ASSIGNMENT
Copy all the records word for word, apart from any pictures.

====== DATASET EXTRACT ======

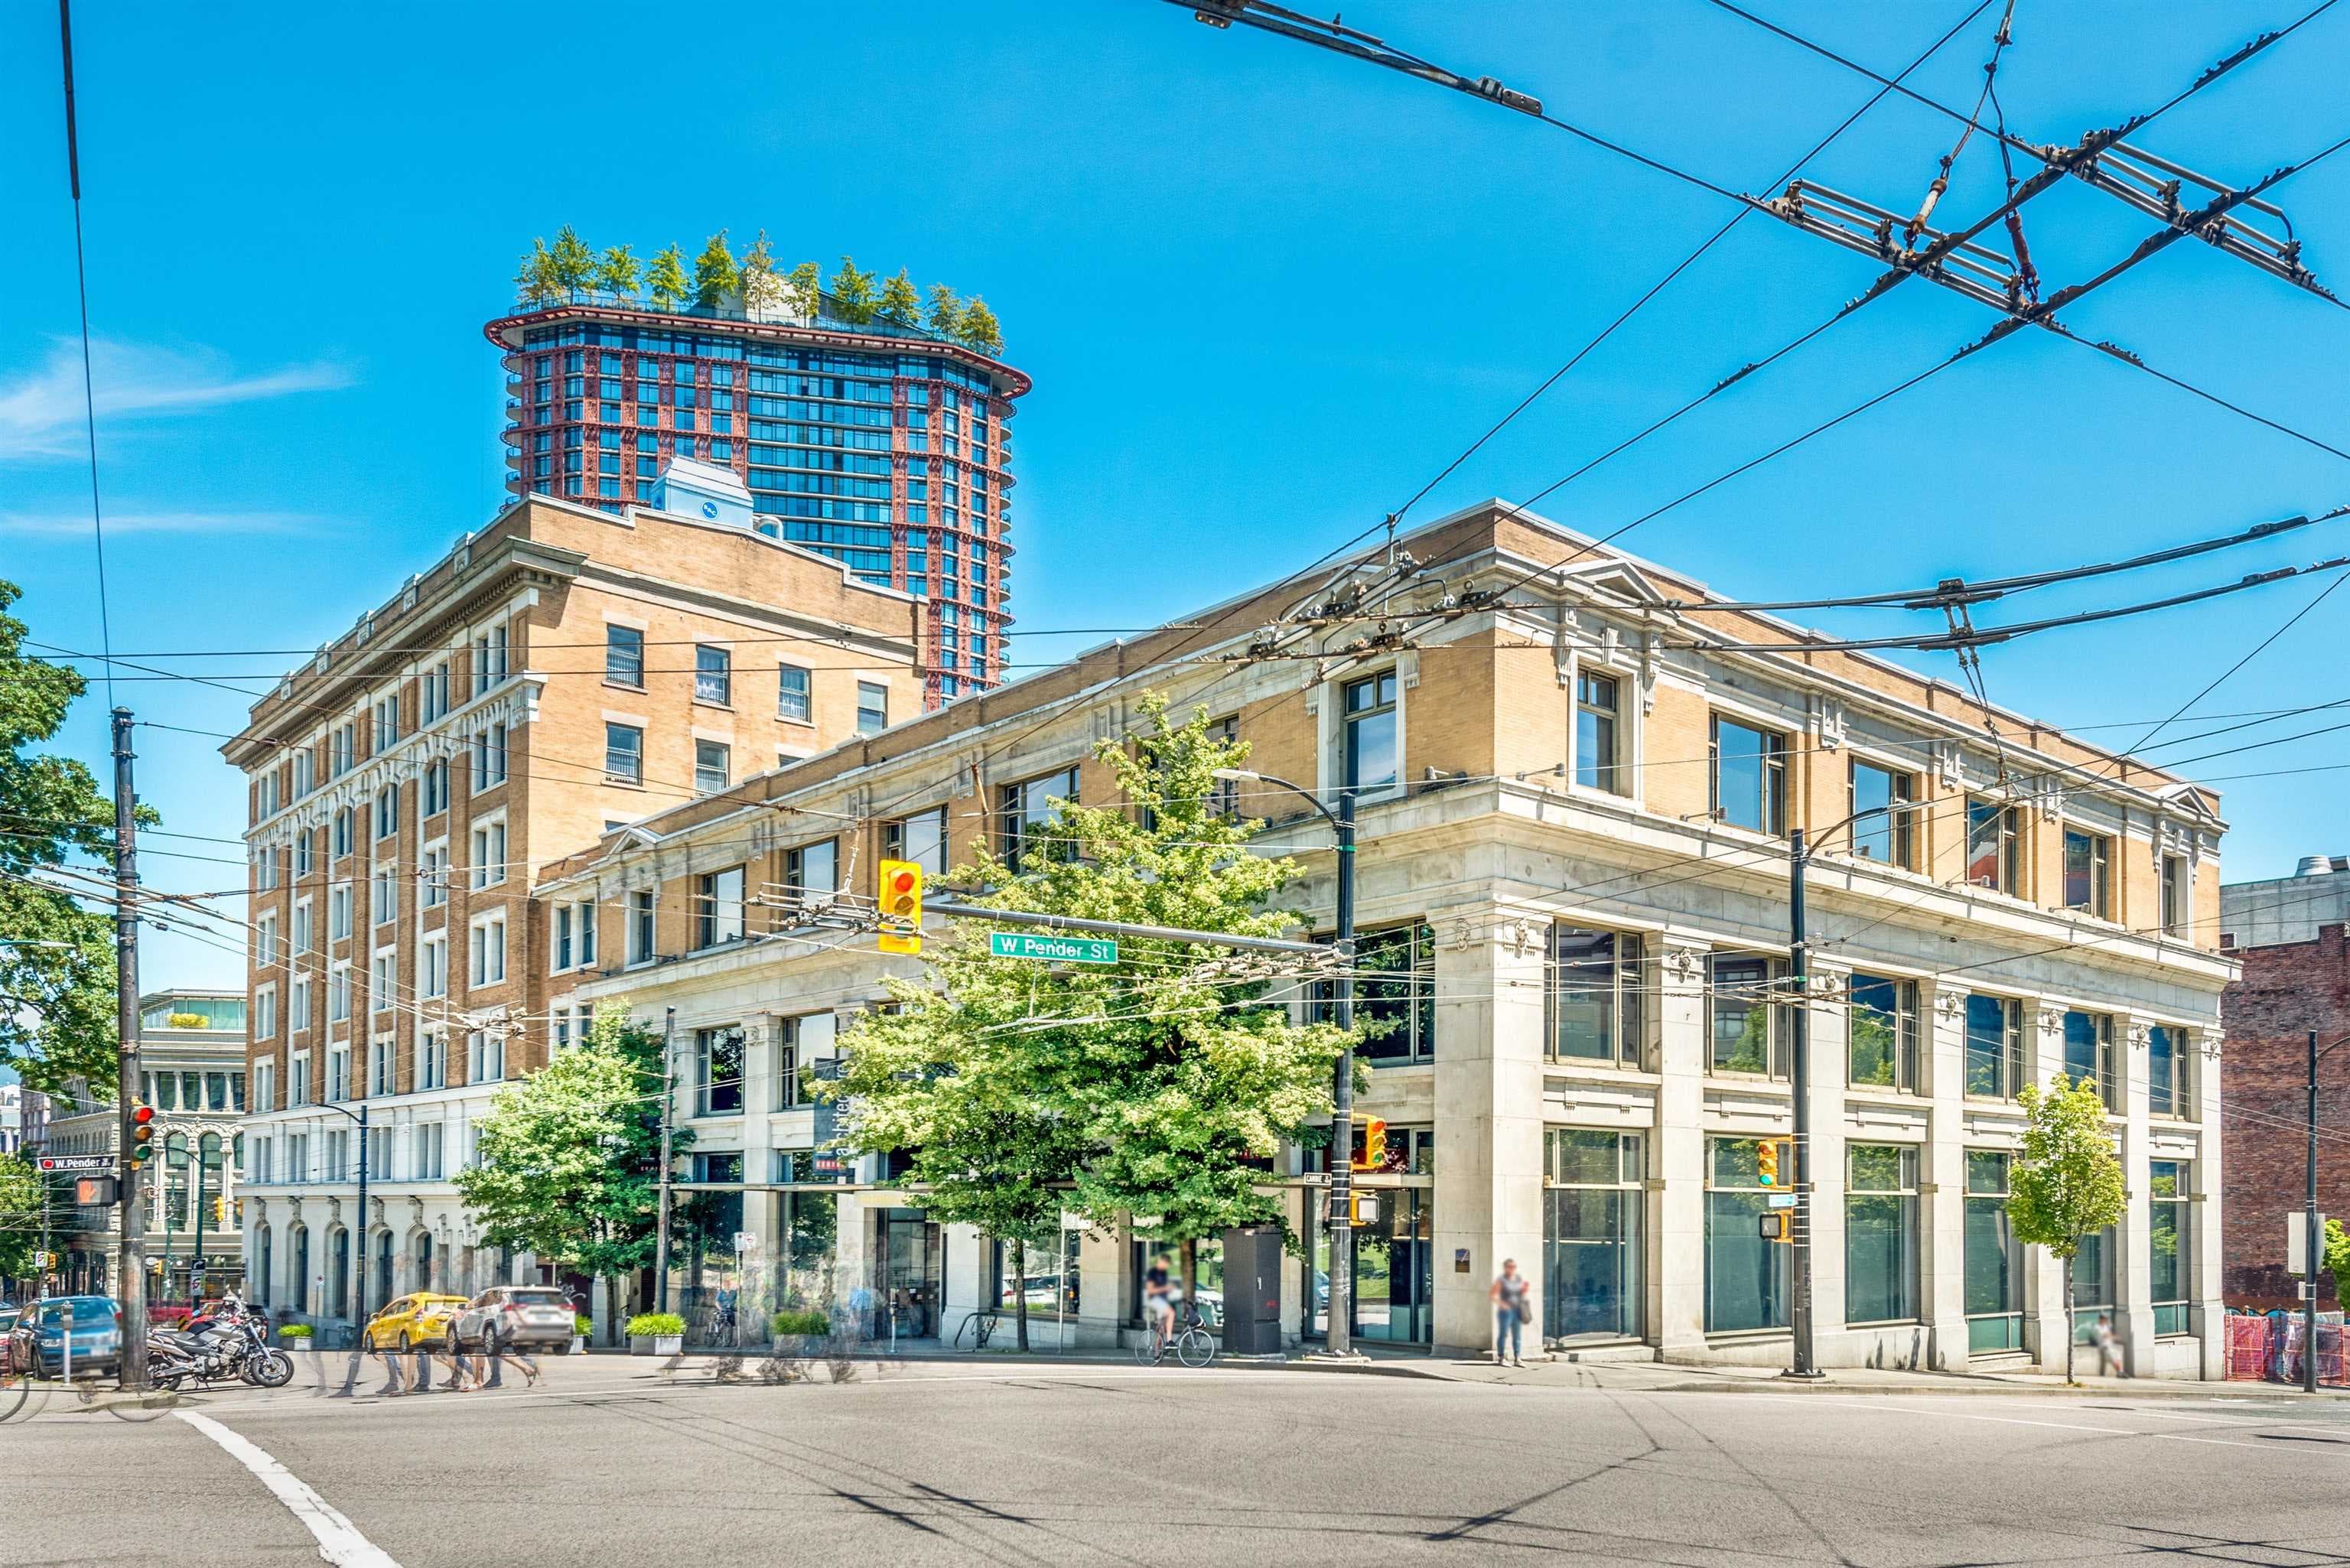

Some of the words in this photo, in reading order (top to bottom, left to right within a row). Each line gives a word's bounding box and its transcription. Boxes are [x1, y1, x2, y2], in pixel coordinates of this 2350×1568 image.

[1001, 937, 1017, 952] W
[1025, 939, 1083, 957] Pender
[1091, 944, 1108, 958] St
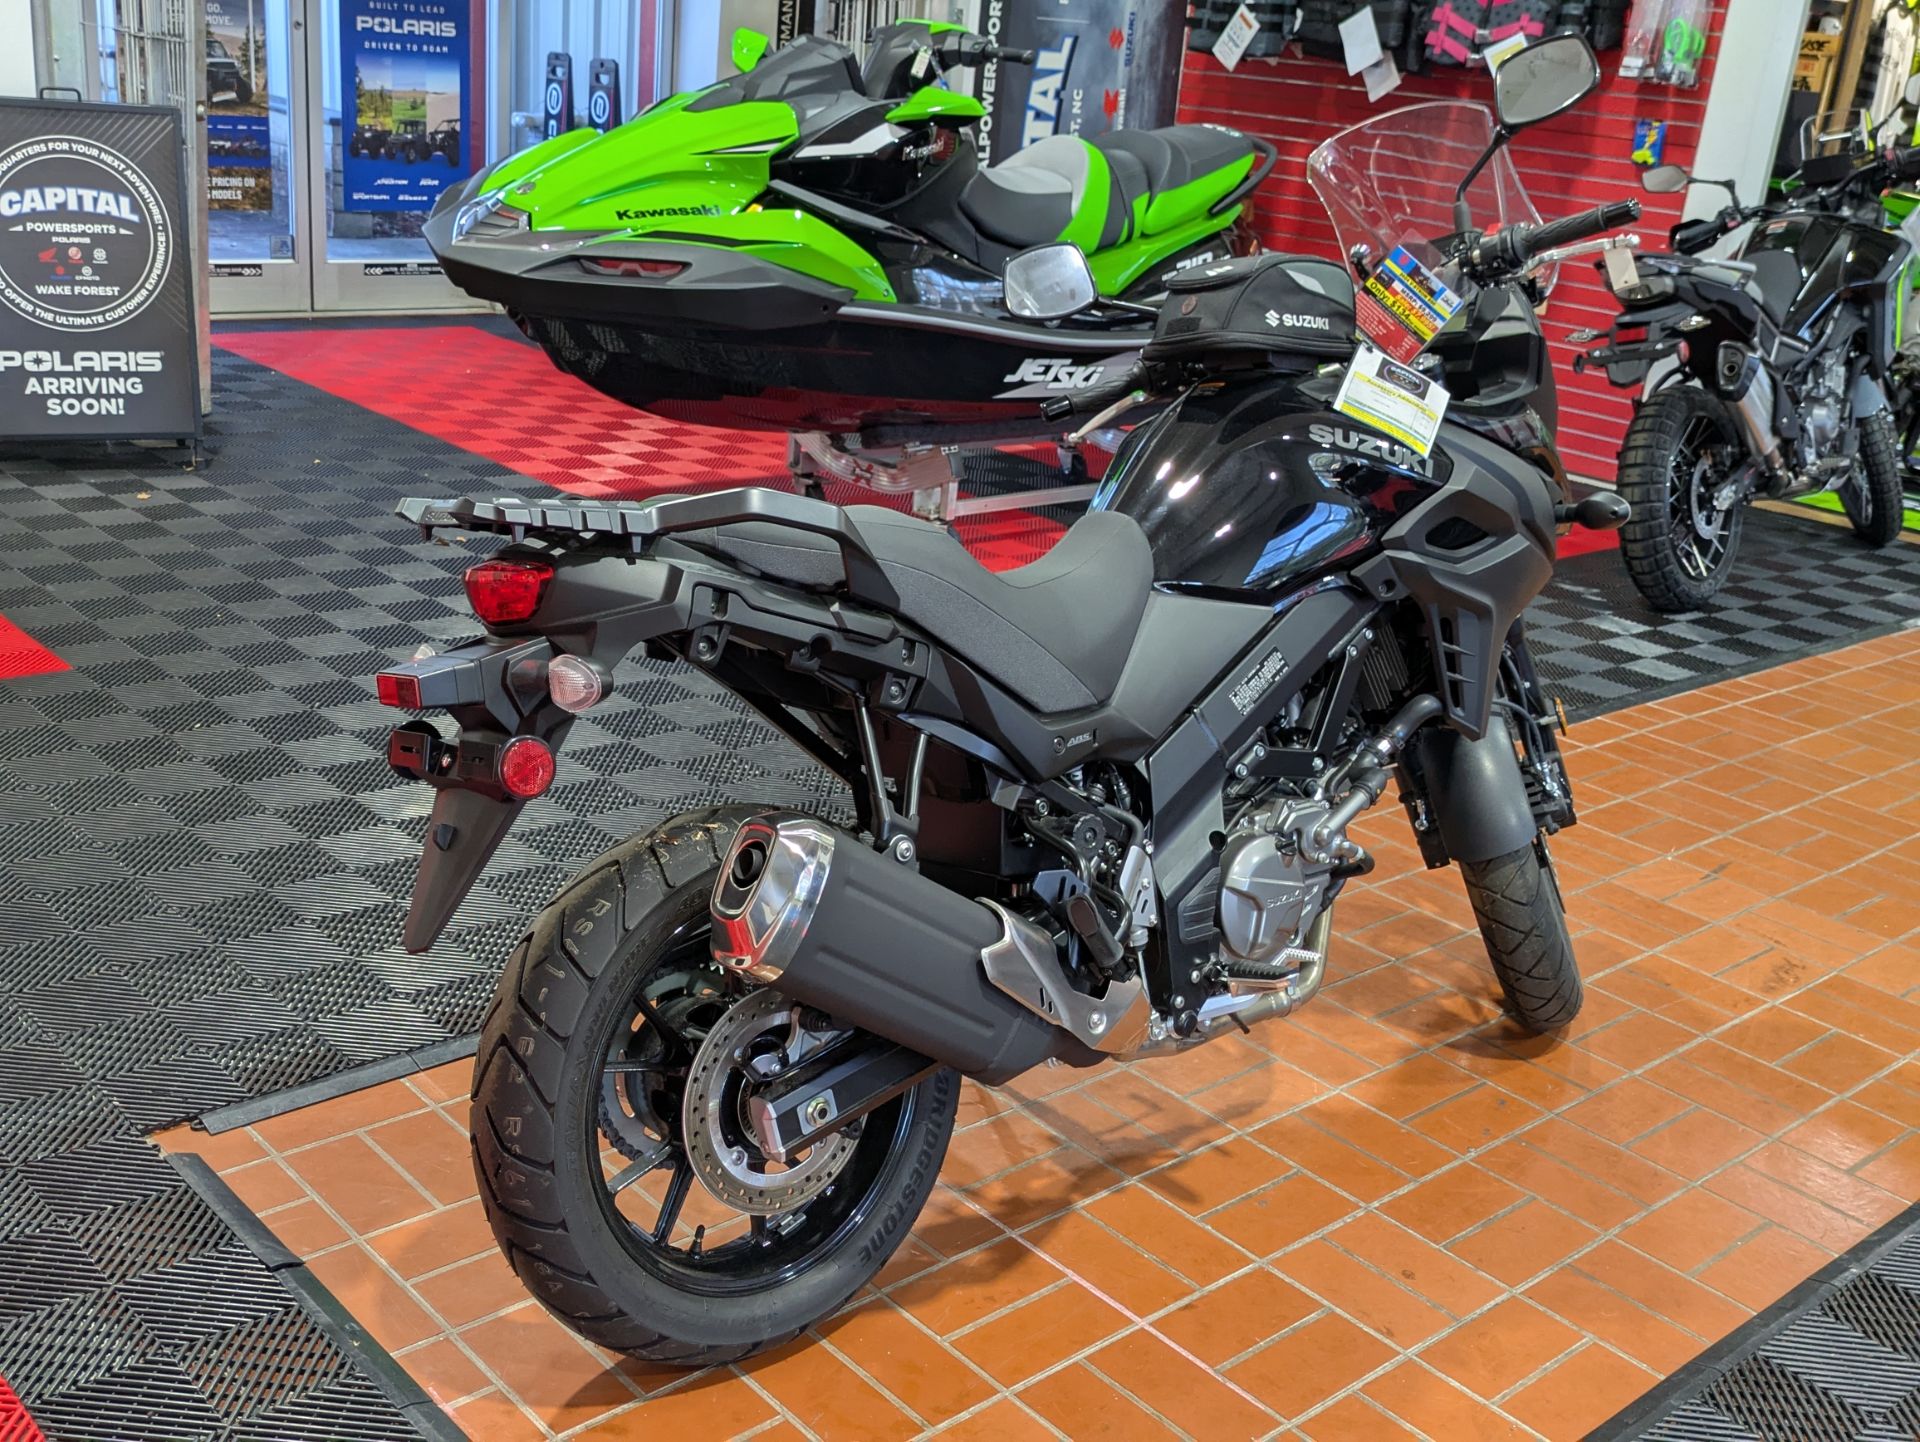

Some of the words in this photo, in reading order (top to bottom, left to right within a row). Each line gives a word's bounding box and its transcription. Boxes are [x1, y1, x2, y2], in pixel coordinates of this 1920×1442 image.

[369, 1, 398, 10] BUILT
[403, 4, 415, 12] TO
[420, 5, 445, 14] LEAD
[356, 15, 456, 37] POLARIS
[364, 41, 401, 51] DRIVEN
[406, 43, 418, 52] TO
[422, 45, 448, 53] ROAM
[1125, 11, 1136, 68] SUZUKI
[1073, 89, 1083, 114] NC
[0, 143, 47, 176] QUARTERS
[48, 141, 70, 151] FOR
[71, 142, 100, 158] YOUR
[99, 151, 126, 171] NEXT
[123, 169, 164, 225] ADVENTURE!
[212, 177, 242, 187] PRICING
[244, 177, 256, 187] ON
[212, 190, 242, 200] MODELS
[0, 186, 140, 223] CAPITAL
[616, 204, 721, 221] Kawasaki
[27, 222, 117, 234] POWERSPORTS
[5, 287, 34, 313] OFFER
[35, 307, 55, 321] THE
[56, 314, 105, 326] ULTIMATE
[105, 288, 149, 321] CUSTOMER
[145, 231, 166, 291] EXPERIENCE!
[35, 285, 72, 295] WAKE
[74, 286, 120, 296] FOREST
[1389, 299, 1411, 320] $134
[1283, 314, 1329, 330] SUZUKI
[0, 350, 163, 372] POLARIS
[25, 377, 143, 395] ARRIVING
[47, 398, 125, 415] SOON!
[1309, 423, 1433, 478] SUZUKI
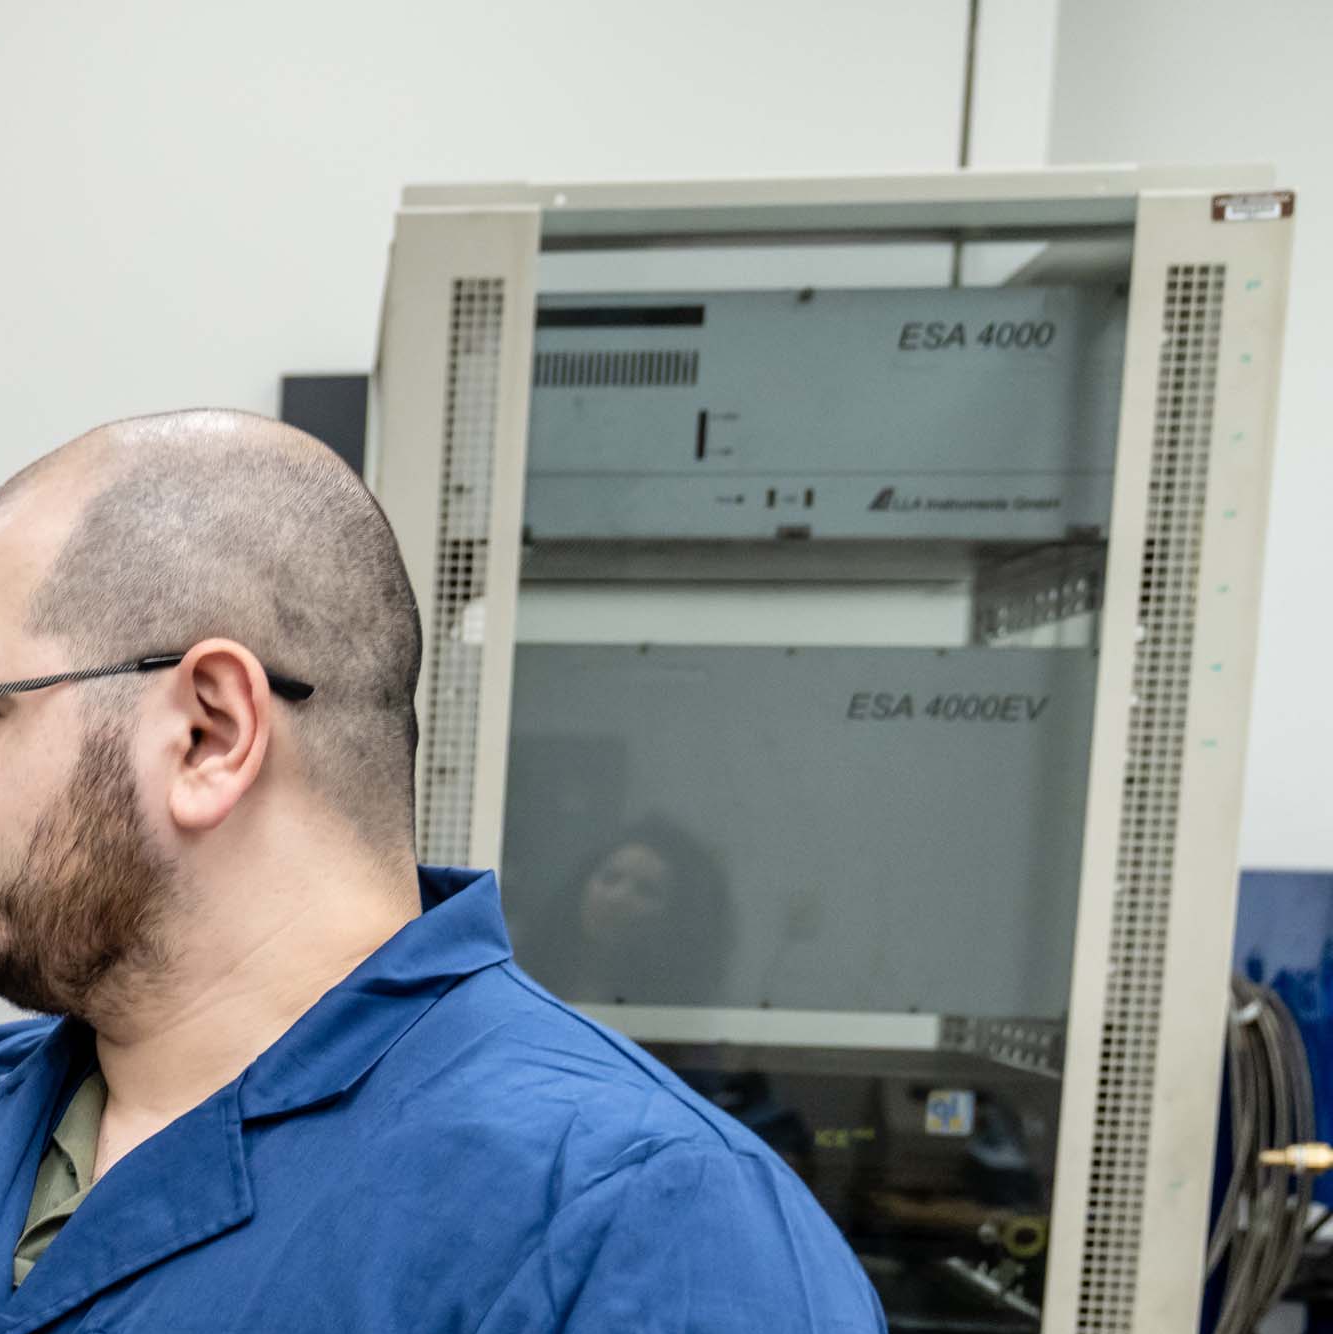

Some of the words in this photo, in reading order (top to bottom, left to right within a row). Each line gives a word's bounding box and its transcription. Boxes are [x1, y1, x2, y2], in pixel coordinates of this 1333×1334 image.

======

EXERCISE RESULT
Some of the words in this photo, in reading order (top to bottom, left to right within a row). Each line gives a word's bounding box and its transcription. Boxes are [x1, y1, x2, y2], in pixel coordinates of this 2350×1568 image.

[1001, 937, 1017, 952] W
[1025, 939, 1083, 957] Pender
[1091, 944, 1108, 958] St

Some of the words in this photo, in reading order (top to bottom, left to right within a row). Each line gives a word's bounding box and its transcription. Boxes are [x1, y1, x2, y2], in pixel coordinates of this 1920×1442 image.

[369, 1, 398, 10] BUILT
[403, 4, 415, 12] TO
[420, 5, 445, 14] LEAD
[356, 15, 456, 37] POLARIS
[364, 41, 401, 51] DRIVEN
[406, 43, 418, 52] TO
[422, 45, 448, 53] ROAM
[1125, 11, 1136, 68] SUZUKI
[1073, 89, 1083, 114] NC
[0, 143, 47, 176] QUARTERS
[48, 141, 70, 151] FOR
[71, 142, 100, 158] YOUR
[99, 151, 126, 171] NEXT
[123, 169, 164, 225] ADVENTURE!
[212, 177, 242, 187] PRICING
[244, 177, 256, 187] ON
[212, 190, 242, 200] MODELS
[0, 186, 140, 223] CAPITAL
[616, 204, 721, 221] Kawasaki
[27, 222, 117, 234] POWERSPORTS
[5, 287, 34, 313] OFFER
[35, 307, 55, 321] THE
[56, 314, 105, 326] ULTIMATE
[105, 288, 149, 321] CUSTOMER
[145, 231, 166, 291] EXPERIENCE!
[35, 285, 72, 295] WAKE
[74, 286, 120, 296] FOREST
[1389, 299, 1411, 320] $134
[1283, 314, 1329, 330] SUZUKI
[0, 350, 163, 372] POLARIS
[25, 377, 143, 395] ARRIVING
[47, 398, 125, 415] SOON!
[1309, 423, 1433, 478] SUZUKI

Some of the words in this photo, in reading order (top to bottom, left to right within a row). Each line gives a word's bounding box and its transcription. Boxes are [x1, y1, x2, y2], in pixel coordinates of this 1333×1334 image.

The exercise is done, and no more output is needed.